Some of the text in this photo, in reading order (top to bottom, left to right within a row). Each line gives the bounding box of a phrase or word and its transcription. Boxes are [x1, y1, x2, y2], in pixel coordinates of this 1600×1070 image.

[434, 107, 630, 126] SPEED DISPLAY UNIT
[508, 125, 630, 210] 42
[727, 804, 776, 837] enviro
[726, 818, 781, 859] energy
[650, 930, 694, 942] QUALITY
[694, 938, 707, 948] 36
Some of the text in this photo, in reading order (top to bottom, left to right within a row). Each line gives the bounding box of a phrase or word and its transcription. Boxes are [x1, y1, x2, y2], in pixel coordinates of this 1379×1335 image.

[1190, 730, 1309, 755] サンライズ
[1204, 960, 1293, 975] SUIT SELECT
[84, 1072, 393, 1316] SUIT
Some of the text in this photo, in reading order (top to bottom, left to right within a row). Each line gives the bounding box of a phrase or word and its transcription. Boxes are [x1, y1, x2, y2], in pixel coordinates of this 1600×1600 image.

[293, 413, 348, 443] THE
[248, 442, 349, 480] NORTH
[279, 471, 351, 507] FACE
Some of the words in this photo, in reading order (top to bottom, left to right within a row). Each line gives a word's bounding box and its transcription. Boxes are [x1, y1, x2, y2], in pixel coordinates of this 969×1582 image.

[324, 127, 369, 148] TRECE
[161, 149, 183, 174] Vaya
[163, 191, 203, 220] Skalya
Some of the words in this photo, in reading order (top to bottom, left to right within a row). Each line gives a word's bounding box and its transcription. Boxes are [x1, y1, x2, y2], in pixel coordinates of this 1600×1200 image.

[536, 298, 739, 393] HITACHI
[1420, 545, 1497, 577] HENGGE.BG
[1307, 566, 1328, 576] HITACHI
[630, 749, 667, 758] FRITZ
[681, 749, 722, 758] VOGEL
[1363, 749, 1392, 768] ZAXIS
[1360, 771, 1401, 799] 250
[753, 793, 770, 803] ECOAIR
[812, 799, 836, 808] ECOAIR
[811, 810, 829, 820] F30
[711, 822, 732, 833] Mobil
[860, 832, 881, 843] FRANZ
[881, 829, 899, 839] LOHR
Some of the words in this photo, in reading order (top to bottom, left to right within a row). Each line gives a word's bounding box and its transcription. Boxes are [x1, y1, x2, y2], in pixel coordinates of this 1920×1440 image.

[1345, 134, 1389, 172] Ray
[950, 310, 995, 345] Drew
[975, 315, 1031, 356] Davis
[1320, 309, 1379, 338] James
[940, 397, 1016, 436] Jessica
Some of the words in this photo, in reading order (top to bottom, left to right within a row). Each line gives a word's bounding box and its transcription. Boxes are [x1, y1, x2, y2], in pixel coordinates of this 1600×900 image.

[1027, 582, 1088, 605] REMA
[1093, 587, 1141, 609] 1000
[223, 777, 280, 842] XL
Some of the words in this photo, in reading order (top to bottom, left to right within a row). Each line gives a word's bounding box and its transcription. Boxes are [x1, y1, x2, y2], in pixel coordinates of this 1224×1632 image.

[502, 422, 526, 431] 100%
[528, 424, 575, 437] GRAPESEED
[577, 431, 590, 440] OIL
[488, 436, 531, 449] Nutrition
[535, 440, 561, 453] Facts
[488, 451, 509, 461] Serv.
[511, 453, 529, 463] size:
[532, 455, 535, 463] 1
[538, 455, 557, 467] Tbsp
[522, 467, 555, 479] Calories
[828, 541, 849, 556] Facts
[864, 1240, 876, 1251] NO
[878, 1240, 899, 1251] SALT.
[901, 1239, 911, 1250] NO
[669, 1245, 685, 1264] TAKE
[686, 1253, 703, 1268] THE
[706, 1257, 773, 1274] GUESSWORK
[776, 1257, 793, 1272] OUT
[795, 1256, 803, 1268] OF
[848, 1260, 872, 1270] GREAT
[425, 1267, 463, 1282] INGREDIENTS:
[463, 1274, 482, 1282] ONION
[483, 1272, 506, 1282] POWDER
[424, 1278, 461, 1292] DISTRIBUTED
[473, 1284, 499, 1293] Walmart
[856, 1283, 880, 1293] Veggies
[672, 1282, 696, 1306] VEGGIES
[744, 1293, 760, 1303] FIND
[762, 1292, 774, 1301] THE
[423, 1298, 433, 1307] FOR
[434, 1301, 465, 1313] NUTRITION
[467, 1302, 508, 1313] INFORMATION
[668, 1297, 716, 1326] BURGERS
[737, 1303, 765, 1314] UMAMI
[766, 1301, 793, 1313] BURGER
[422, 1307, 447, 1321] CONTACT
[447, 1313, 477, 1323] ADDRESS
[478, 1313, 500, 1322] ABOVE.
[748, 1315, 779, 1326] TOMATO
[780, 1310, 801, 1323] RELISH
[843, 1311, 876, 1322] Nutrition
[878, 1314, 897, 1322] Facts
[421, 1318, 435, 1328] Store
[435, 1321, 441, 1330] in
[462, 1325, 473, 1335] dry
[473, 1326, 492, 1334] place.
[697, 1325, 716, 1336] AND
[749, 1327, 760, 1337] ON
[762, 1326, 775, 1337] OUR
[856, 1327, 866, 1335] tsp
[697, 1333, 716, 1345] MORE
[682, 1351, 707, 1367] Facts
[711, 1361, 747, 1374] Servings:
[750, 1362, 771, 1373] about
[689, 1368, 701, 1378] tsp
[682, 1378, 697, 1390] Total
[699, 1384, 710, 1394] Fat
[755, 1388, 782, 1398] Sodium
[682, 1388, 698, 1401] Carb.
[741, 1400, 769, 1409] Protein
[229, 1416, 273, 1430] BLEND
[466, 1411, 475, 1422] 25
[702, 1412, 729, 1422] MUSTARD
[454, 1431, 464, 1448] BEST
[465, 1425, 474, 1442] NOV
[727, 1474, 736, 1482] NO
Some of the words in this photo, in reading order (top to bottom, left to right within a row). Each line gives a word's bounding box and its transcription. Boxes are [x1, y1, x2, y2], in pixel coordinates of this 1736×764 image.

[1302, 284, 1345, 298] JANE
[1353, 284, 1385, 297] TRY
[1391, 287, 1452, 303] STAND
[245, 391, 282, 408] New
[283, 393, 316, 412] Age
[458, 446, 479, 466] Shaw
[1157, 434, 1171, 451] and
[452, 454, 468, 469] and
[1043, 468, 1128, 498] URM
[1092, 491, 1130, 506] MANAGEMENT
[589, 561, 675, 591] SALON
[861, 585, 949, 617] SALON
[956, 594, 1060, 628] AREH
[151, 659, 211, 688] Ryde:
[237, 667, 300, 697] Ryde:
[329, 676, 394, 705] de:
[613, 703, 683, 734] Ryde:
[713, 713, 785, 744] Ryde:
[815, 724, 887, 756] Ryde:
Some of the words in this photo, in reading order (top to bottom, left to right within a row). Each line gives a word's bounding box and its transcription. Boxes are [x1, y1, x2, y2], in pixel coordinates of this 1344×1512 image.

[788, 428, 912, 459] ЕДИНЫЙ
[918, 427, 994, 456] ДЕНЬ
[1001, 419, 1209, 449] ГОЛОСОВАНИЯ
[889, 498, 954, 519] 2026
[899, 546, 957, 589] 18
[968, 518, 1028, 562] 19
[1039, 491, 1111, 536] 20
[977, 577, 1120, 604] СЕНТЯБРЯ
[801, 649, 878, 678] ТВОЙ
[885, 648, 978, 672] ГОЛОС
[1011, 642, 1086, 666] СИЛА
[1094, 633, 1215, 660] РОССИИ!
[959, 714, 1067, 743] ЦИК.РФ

——————

TASK BRIEF
I'd like the records returned exactly as they were written, please.

SOLUTION FOR THIS TASK
Some of the text in this photo, in reading order (top to bottom, left to right within a row). Each line gives the bounding box of a phrase or word and its transcription. Boxes are [x1, y1, x2, y2], in pixel coordinates of this 1600×1070 image.

[434, 107, 630, 126] SPEED DISPLAY UNIT
[508, 125, 630, 210] 42
[727, 804, 776, 837] enviro
[726, 818, 781, 859] energy
[650, 930, 694, 942] QUALITY
[694, 938, 707, 948] 36
Some of the text in this photo, in reading order (top to bottom, left to right within a row). Each line gives the bounding box of a phrase or word and its transcription. Boxes are [x1, y1, x2, y2], in pixel coordinates of this 1379×1335 image.

[1190, 730, 1309, 755] サンライズ
[1204, 960, 1293, 975] SUIT SELECT
[84, 1072, 393, 1316] SUIT
Some of the text in this photo, in reading order (top to bottom, left to right within a row). Each line gives the bounding box of a phrase or word and its transcription. Boxes are [x1, y1, x2, y2], in pixel coordinates of this 1600×1600 image.

[293, 413, 348, 443] THE
[248, 442, 349, 480] NORTH
[279, 471, 351, 507] FACE
Some of the words in this photo, in reading order (top to bottom, left to right within a row). Each line gives a word's bounding box and its transcription. Boxes are [x1, y1, x2, y2], in pixel coordinates of this 969×1582 image.

[324, 127, 369, 148] TRECE
[161, 149, 183, 174] Vaya
[163, 191, 203, 220] Skalya
Some of the words in this photo, in reading order (top to bottom, left to right within a row). Each line gives a word's bounding box and its transcription. Boxes are [x1, y1, x2, y2], in pixel coordinates of this 1600×1200 image.

[536, 298, 739, 393] HITACHI
[1420, 545, 1497, 577] HENGGE.BG
[1307, 566, 1328, 576] HITACHI
[630, 749, 667, 758] FRITZ
[681, 749, 722, 758] VOGEL
[1363, 749, 1392, 768] ZAXIS
[1360, 771, 1401, 799] 250
[753, 793, 770, 803] ECOAIR
[812, 799, 836, 808] ECOAIR
[811, 810, 829, 820] F30
[711, 822, 732, 833] Mobil
[860, 832, 881, 843] FRANZ
[881, 829, 899, 839] LOHR
Some of the words in this photo, in reading order (top to bottom, left to right within a row). Each line gives a word's bounding box and its transcription. Boxes are [x1, y1, x2, y2], in pixel coordinates of this 1920×1440 image.

[1345, 134, 1389, 172] Ray
[950, 310, 995, 345] Drew
[975, 315, 1031, 356] Davis
[1320, 309, 1379, 338] James
[940, 397, 1016, 436] Jessica
Some of the words in this photo, in reading order (top to bottom, left to right within a row). Each line gives a word's bounding box and its transcription. Boxes are [x1, y1, x2, y2], in pixel coordinates of this 1600×900 image.

[1027, 582, 1088, 605] REMA
[1093, 587, 1141, 609] 1000
[223, 777, 280, 842] XL
Some of the words in this photo, in reading order (top to bottom, left to right within a row). Each line gives a word's bounding box and its transcription. Boxes are [x1, y1, x2, y2], in pixel coordinates of this 1224×1632 image.

[502, 422, 526, 431] 100%
[528, 424, 575, 437] GRAPESEED
[577, 431, 590, 440] OIL
[488, 436, 531, 449] Nutrition
[535, 440, 561, 453] Facts
[488, 451, 509, 461] Serv.
[511, 453, 529, 463] size:
[532, 455, 535, 463] 1
[538, 455, 557, 467] Tbsp
[522, 467, 555, 479] Calories
[828, 541, 849, 556] Facts
[864, 1240, 876, 1251] NO
[878, 1240, 899, 1251] SALT.
[901, 1239, 911, 1250] NO
[669, 1245, 685, 1264] TAKE
[686, 1253, 703, 1268] THE
[706, 1257, 773, 1274] GUESSWORK
[776, 1257, 793, 1272] OUT
[795, 1256, 803, 1268] OF
[848, 1260, 872, 1270] GREAT
[425, 1267, 463, 1282] INGREDIENTS:
[463, 1274, 482, 1282] ONION
[483, 1272, 506, 1282] POWDER
[424, 1278, 461, 1292] DISTRIBUTED
[473, 1284, 499, 1293] Walmart
[856, 1283, 880, 1293] Veggies
[672, 1282, 696, 1306] VEGGIES
[744, 1293, 760, 1303] FIND
[762, 1292, 774, 1301] THE
[423, 1298, 433, 1307] FOR
[434, 1301, 465, 1313] NUTRITION
[467, 1302, 508, 1313] INFORMATION
[668, 1297, 716, 1326] BURGERS
[737, 1303, 765, 1314] UMAMI
[766, 1301, 793, 1313] BURGER
[422, 1307, 447, 1321] CONTACT
[447, 1313, 477, 1323] ADDRESS
[478, 1313, 500, 1322] ABOVE.
[748, 1315, 779, 1326] TOMATO
[780, 1310, 801, 1323] RELISH
[843, 1311, 876, 1322] Nutrition
[878, 1314, 897, 1322] Facts
[421, 1318, 435, 1328] Store
[435, 1321, 441, 1330] in
[462, 1325, 473, 1335] dry
[473, 1326, 492, 1334] place.
[697, 1325, 716, 1336] AND
[749, 1327, 760, 1337] ON
[762, 1326, 775, 1337] OUR
[856, 1327, 866, 1335] tsp
[697, 1333, 716, 1345] MORE
[682, 1351, 707, 1367] Facts
[711, 1361, 747, 1374] Servings:
[750, 1362, 771, 1373] about
[689, 1368, 701, 1378] tsp
[682, 1378, 697, 1390] Total
[699, 1384, 710, 1394] Fat
[755, 1388, 782, 1398] Sodium
[682, 1388, 698, 1401] Carb.
[741, 1400, 769, 1409] Protein
[229, 1416, 273, 1430] BLEND
[466, 1411, 475, 1422] 25
[702, 1412, 729, 1422] MUSTARD
[454, 1431, 464, 1448] BEST
[465, 1425, 474, 1442] NOV
[727, 1474, 736, 1482] NO
Some of the words in this photo, in reading order (top to bottom, left to right within a row). Each line gives a word's bounding box and its transcription. Boxes are [x1, y1, x2, y2], in pixel coordinates of this 1736×764 image.

[1302, 284, 1345, 298] JANE
[1353, 284, 1385, 297] TRY
[1391, 287, 1452, 303] STAND
[245, 391, 282, 408] New
[283, 393, 316, 412] Age
[458, 446, 479, 466] Shaw
[1157, 434, 1171, 451] and
[452, 454, 468, 469] and
[1043, 468, 1128, 498] URM
[1092, 491, 1130, 506] MANAGEMENT
[589, 561, 675, 591] SALON
[861, 585, 949, 617] SALON
[956, 594, 1060, 628] AREH
[151, 659, 211, 688] Ryde:
[237, 667, 300, 697] Ryde:
[329, 676, 394, 705] de:
[613, 703, 683, 734] Ryde:
[713, 713, 785, 744] Ryde:
[815, 724, 887, 756] Ryde:
Some of the words in this photo, in reading order (top to bottom, left to right within a row). Each line gives a word's bounding box and its transcription. Boxes are [x1, y1, x2, y2], in pixel coordinates of this 1344×1512 image.

[788, 428, 912, 459] ЕДИНЫЙ
[918, 427, 994, 456] ДЕНЬ
[1001, 419, 1209, 449] ГОЛОСОВАНИЯ
[889, 498, 954, 519] 2026
[899, 546, 957, 589] 18
[968, 518, 1028, 562] 19
[1039, 491, 1111, 536] 20
[977, 577, 1120, 604] СЕНТЯБРЯ
[801, 649, 878, 678] ТВОЙ
[885, 648, 978, 672] ГОЛОС
[1011, 642, 1086, 666] СИЛА
[1094, 633, 1215, 660] РОССИИ!
[959, 714, 1067, 743] ЦИК.РФ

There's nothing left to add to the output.